In the 1980s, Portlanders grew uneasy over runaway development. Row houses and larger mixed-use buildings were being squeezed into established neighborhoods, sometimes demolishing “good old houses” to make room for them.
Some wondered if this growth was inappropriately subsidized, underwritten by people who did not benefit from it and would prefer it not occur. Were taxes being raised, services reduced and quality of life reduced to promote investment that was making communities and the city worse off?
In 1989, the Oregon Legislature concluded that growth may not be paying its own way and enabled local jurisdictions to assess fees on builders to offset future infrastructure it triggered. The predictable burden on transportation systems, water supply and treatment, sewers and parks was deemed to justify upfront payments.
The legislation limited the scope of this saving up for the future. It did not authorize fees for expansion of schools, carbon emission mitigation or depletion of natural resources. In other words, system development charges could not be applied to a wider range possible consequences; just the most obvious and measurable ones.
Within a decade or so, development interests used the rising cost of housing construction and the shortage of affordable housing to turn the debate: system development charges (SDCs) were raising the cost of construction and therefore exacerbating the crisis in affordable housing and driving homelessness.
The truth may be too complex to conclude anything with certainty. The cycle of life has always entailed parents supporting their young children, who do not repay them but instead invest in the next generation, for instance. Perhaps in the same way, everything works out for the best in the long run without anybody keeping score.

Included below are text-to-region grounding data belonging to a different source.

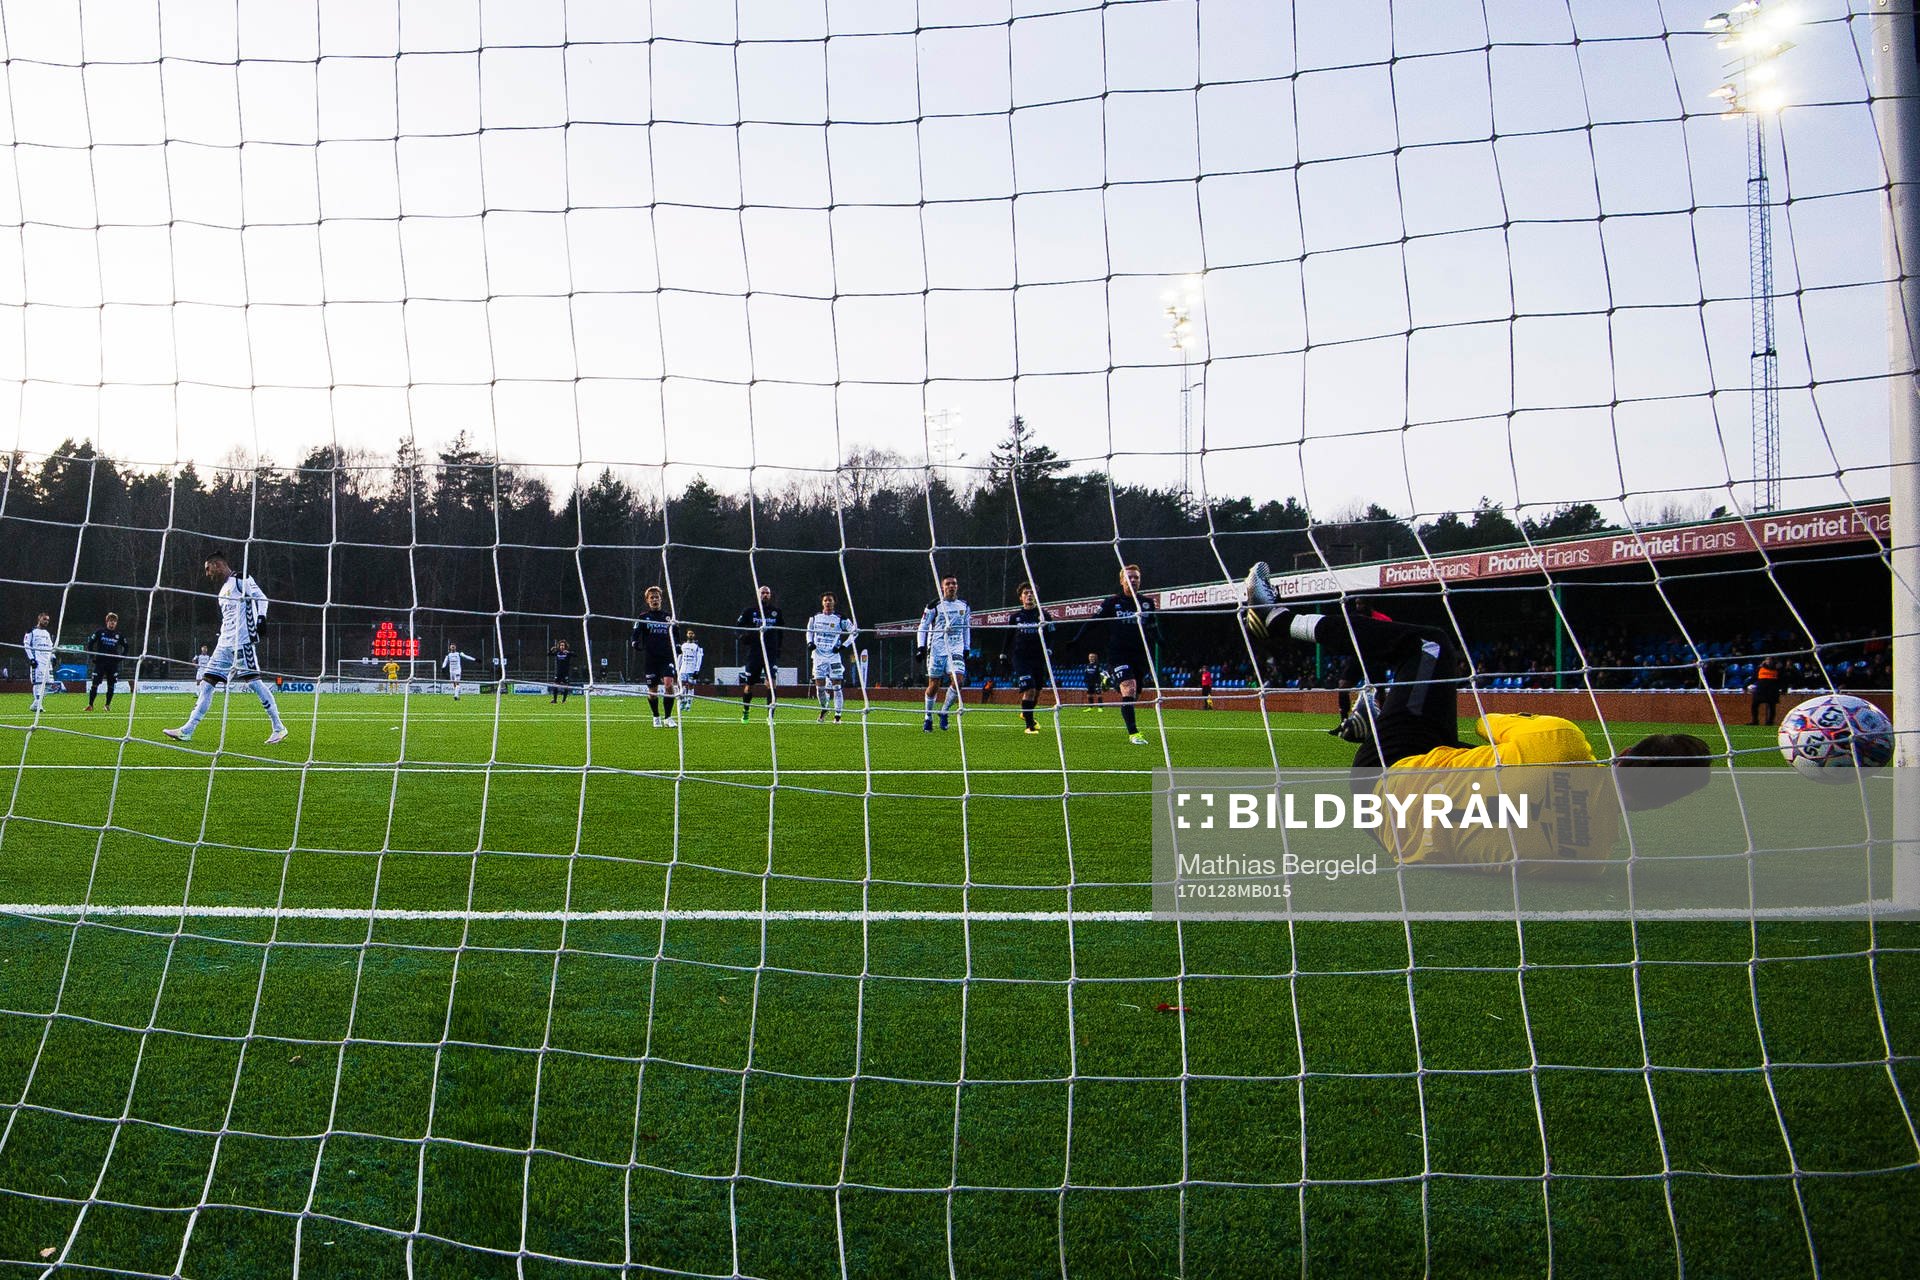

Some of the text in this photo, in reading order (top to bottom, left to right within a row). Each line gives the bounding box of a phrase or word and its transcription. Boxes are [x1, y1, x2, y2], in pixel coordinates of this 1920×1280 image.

[1763, 511, 1892, 543] Prioritet Fina
[1611, 530, 1736, 559] Prioritet Finans
[1488, 547, 1590, 572] Prioritet Finans
[1385, 565, 1434, 583] Prioritet
[1301, 576, 1338, 593] Finans
[1169, 587, 1239, 607] Prioritet Finan
[1064, 605, 1088, 617] Prioritet
[282, 683, 315, 693] ASKO
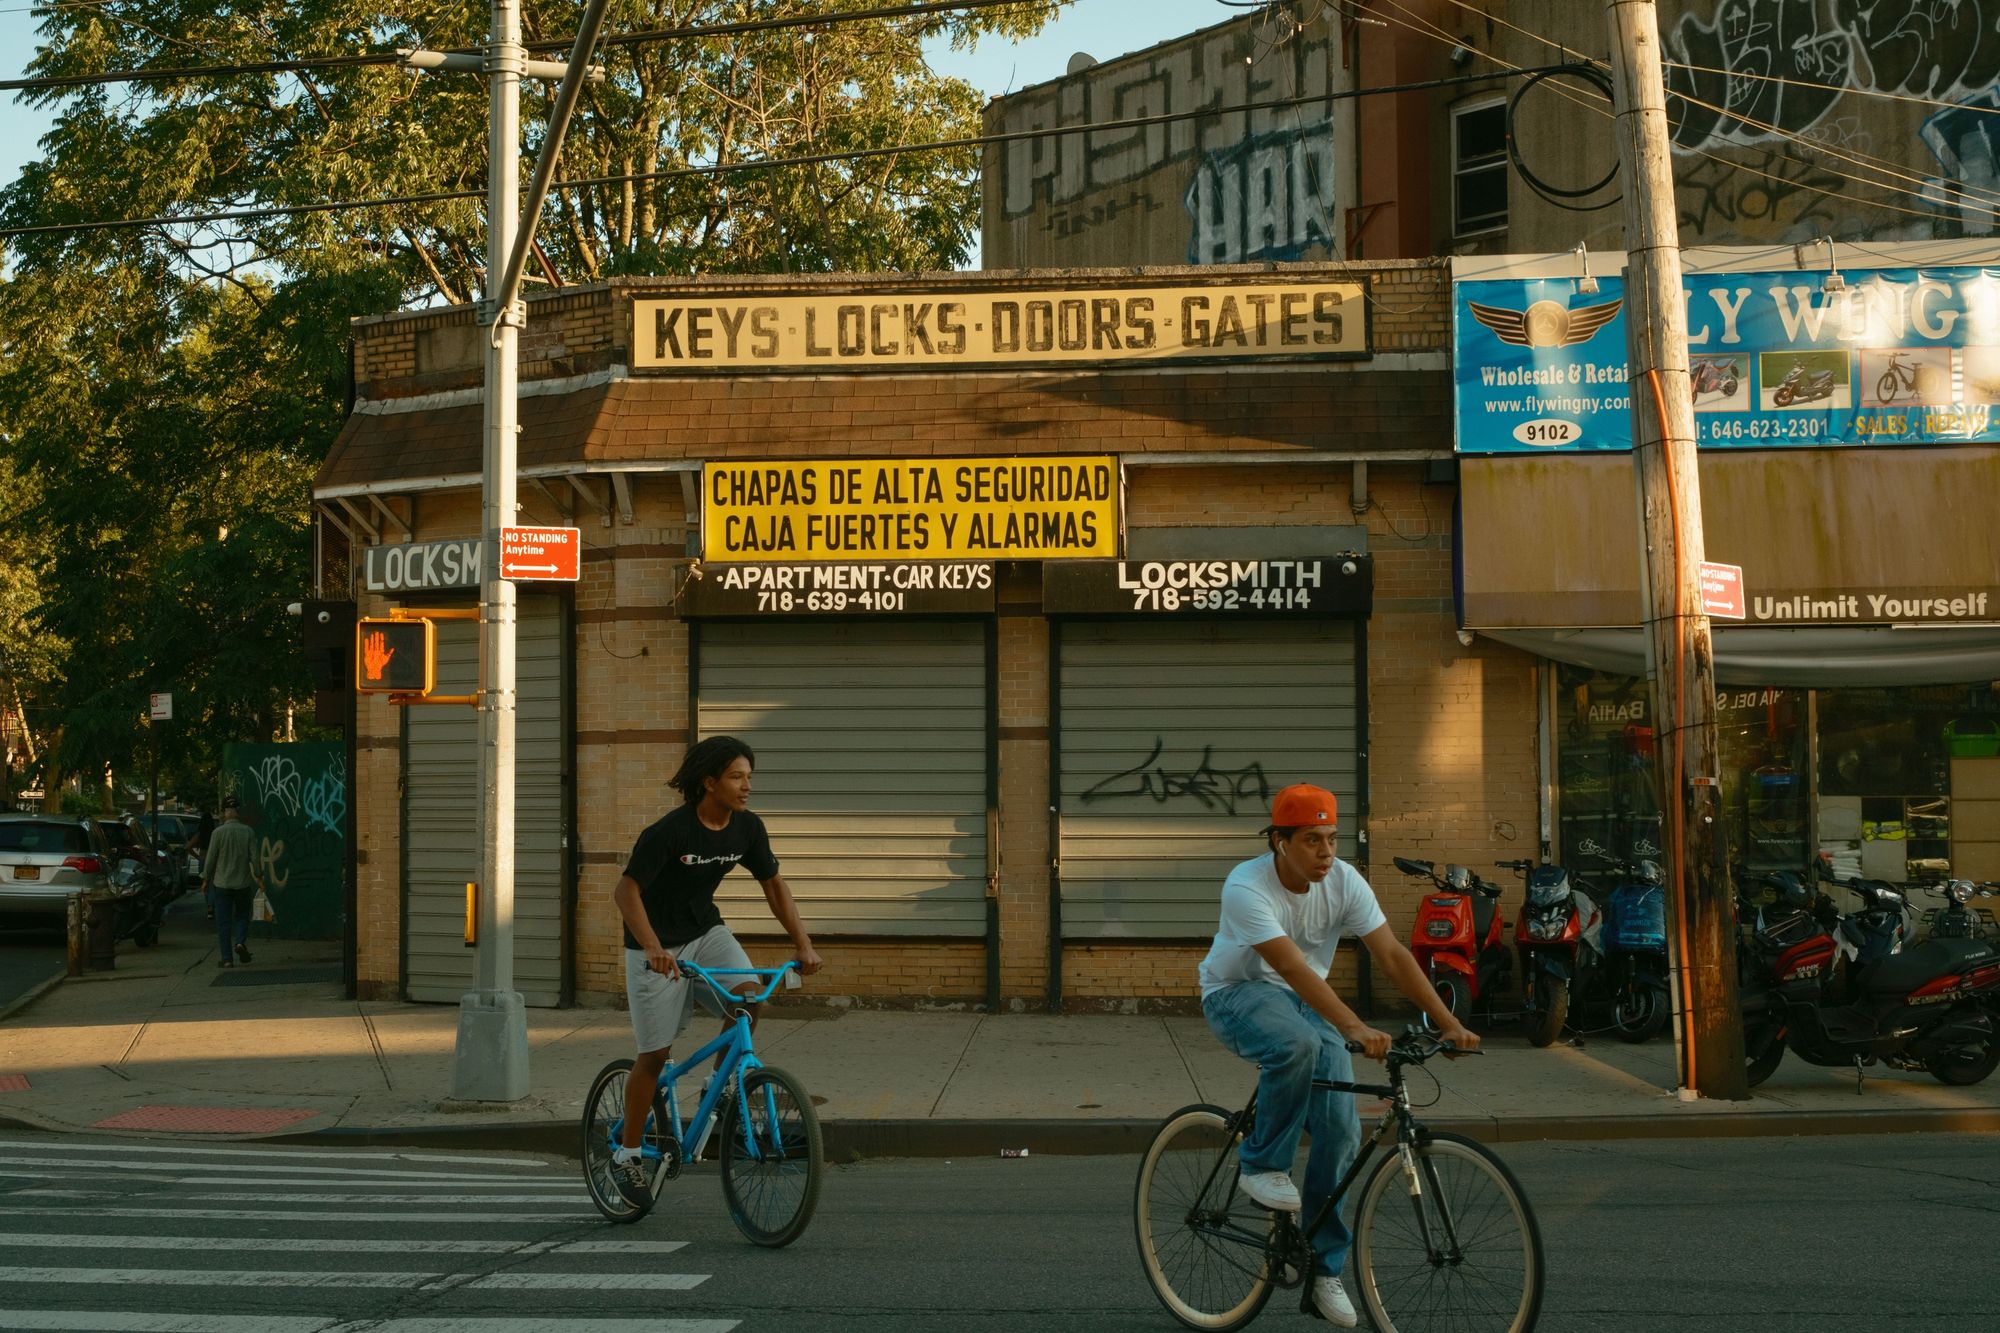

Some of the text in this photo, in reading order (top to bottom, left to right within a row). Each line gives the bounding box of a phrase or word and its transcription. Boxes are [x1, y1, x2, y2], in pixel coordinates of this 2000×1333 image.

[655, 291, 1343, 359] KEYS LOCKS DOORS GATES
[1684, 287, 1752, 345] LY
[1769, 282, 1959, 343] WING
[1481, 362, 1629, 386] Wholesale & Retai
[1527, 424, 1569, 440] 9102
[1712, 418, 1828, 439] 646-623-2301
[1856, 415, 1907, 435] SALES
[712, 465, 1110, 507] CHAPAS DE ALTA SEGURIDAD
[505, 533, 568, 544] NO STANDING
[725, 510, 1097, 552] CAJA FUERTES Y ALARMAS
[505, 545, 544, 556] Anytime
[367, 541, 482, 590] LOCKSM
[724, 564, 992, 590] APARTMENT CAR KEYS
[1118, 561, 1321, 589] LOCKSMITH
[757, 591, 904, 612] 718-639-4101
[1133, 588, 1311, 610] 718-592-4414
[1754, 592, 1987, 620] Unlimit Yourself

But I am quite sure we didn’t move from “SDCs are good” to “SDCs are bad” through blind faith in market forces. Nor was it a process of research, deliberation or philosophical soul searching. The industries most impacted by SDCs reframed the public debate and lobbied their way to a new political consensus that sees these charges as impediments to pressing social needs.

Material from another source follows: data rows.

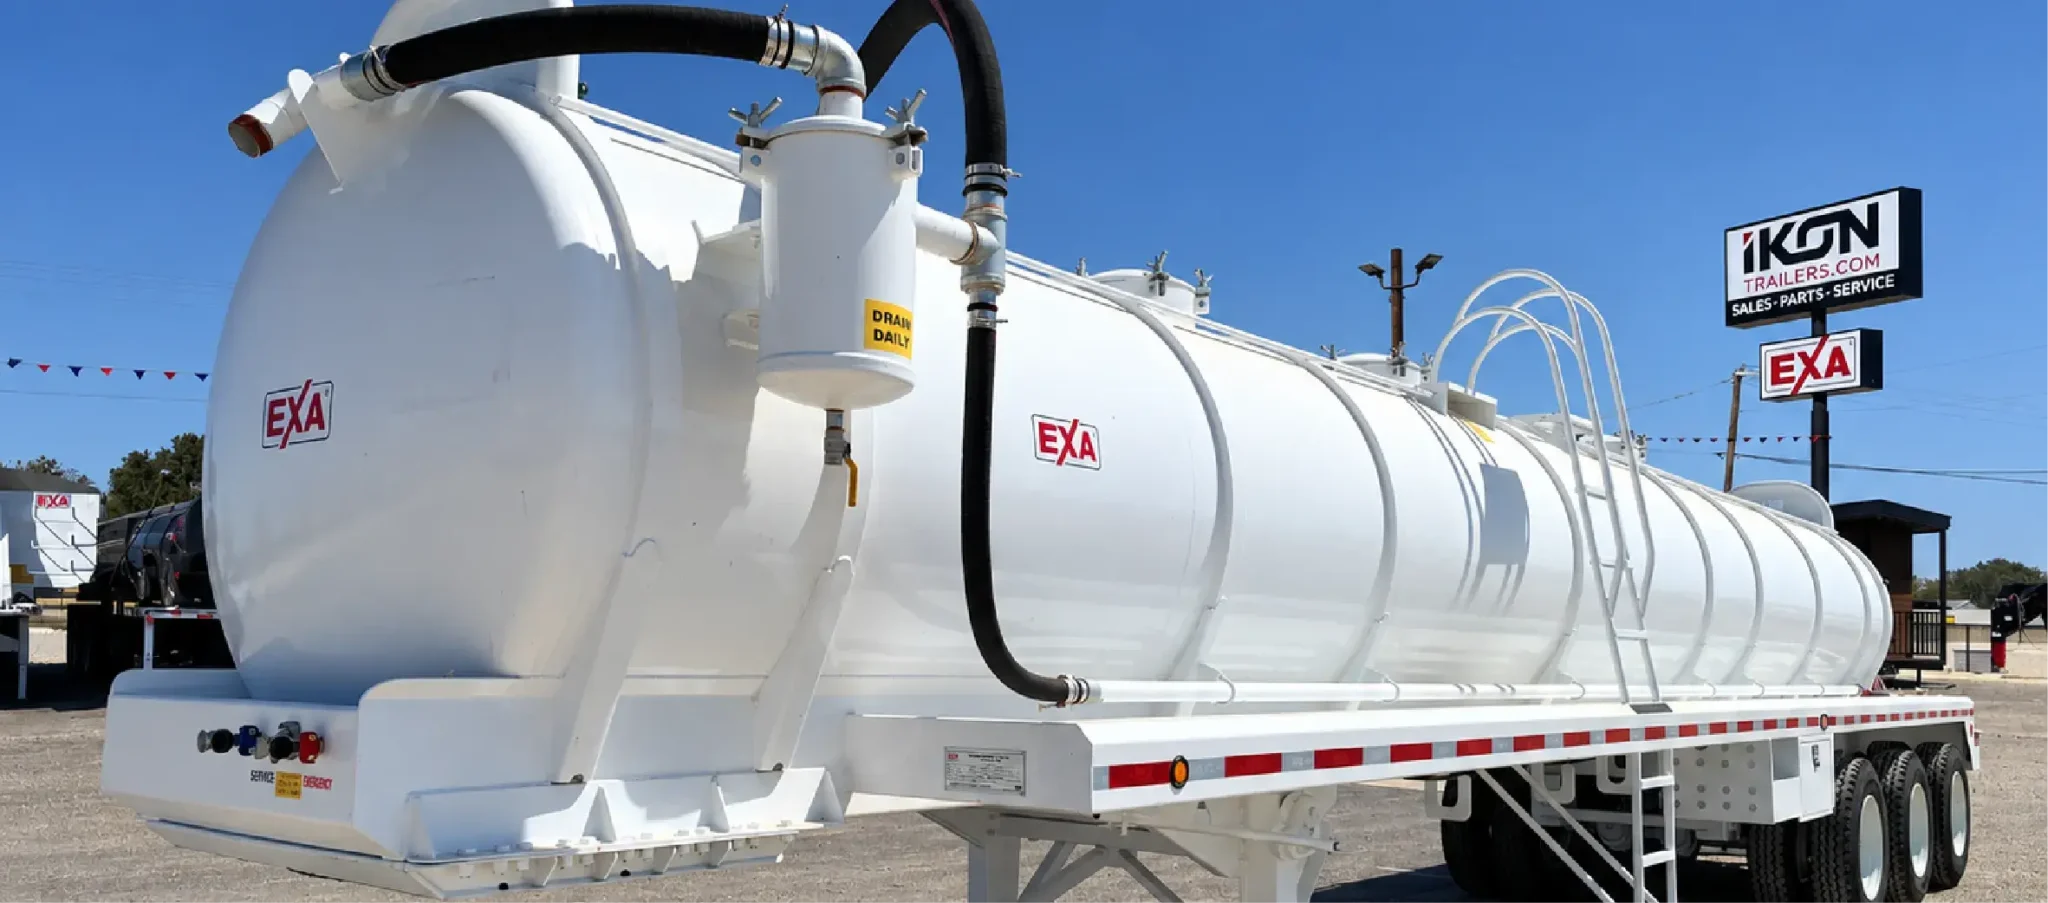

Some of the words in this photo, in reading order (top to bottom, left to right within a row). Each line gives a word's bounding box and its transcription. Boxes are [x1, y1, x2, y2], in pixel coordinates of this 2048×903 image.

[1732, 297, 1772, 317] SALES
[1779, 287, 1824, 308] PARTS
[1833, 273, 1895, 298] SERVICE
[1743, 253, 1881, 293] TRAILERS.COM
[872, 309, 912, 330] DRAIN
[873, 328, 910, 349] DAILY
[1770, 335, 1851, 395] EXA
[266, 379, 325, 449] EXA
[1038, 418, 1097, 466] EXA

What if the current thinking is ill-founded? Setting aside questionable formulas for calculating SDCs, could the absence of any process of paying ahead be unsustainable?
In a crisis, few want to look that far down the road. The housing crisis looms in the windshield, and we’ll worry about long-range possibilities later.
My instincts were set in motion before I was old enough to cross a street alone. Look both ways. In time, that wisdom became second nature. When a noisy vehicle approaches from one direction, check in the opposite direction before stepping into the street. Focusing only on the most obvious threat can blind one to subtle dangers unnoticed but for an ingrained habit.
We’ve been striving to build our way out of our housing crisis with such single-minded fervor that all failures to make progress are blamed on externalities—construction costs, tariffs, COVID, government revenue shortfalls, unforeseeable market shifts, etc.—and we never question the validity of our underlying assumptions.
Perhaps we need to look in the opposite direction. What if we just saved the housing units we have? We could incentivize the preservation of existing apartment buildings and houses, particularly the older and more modest ones likely to be lost without adequate maintenance? Or lost because developers see more profit potential in tearing them down and building something twice as big (and twice as expensive).
My ability to see what lies ahead may be no better than anyone else’s. For that reason, we should look in both directions before proceeding. Haven’t we always known that?
SDC's don't actually do anything about SYSTEMS; they help to finance the various permitting functions of government, pork-barrel projects, park expansion (which can't be maintained as the dopes on city council don't understand), and other progressive causes. If SDCs worked we wouldn't be looking at 100-percent increases in water and sewer rates.
The SDCs are an irritant, but the biggest new apartment "affordability" builds DO NOT pay SDCs. Nor do they pay property taxes, since they have been de facto socialized under the wings of nonprofit "ownership." Which is a much bigger scandal.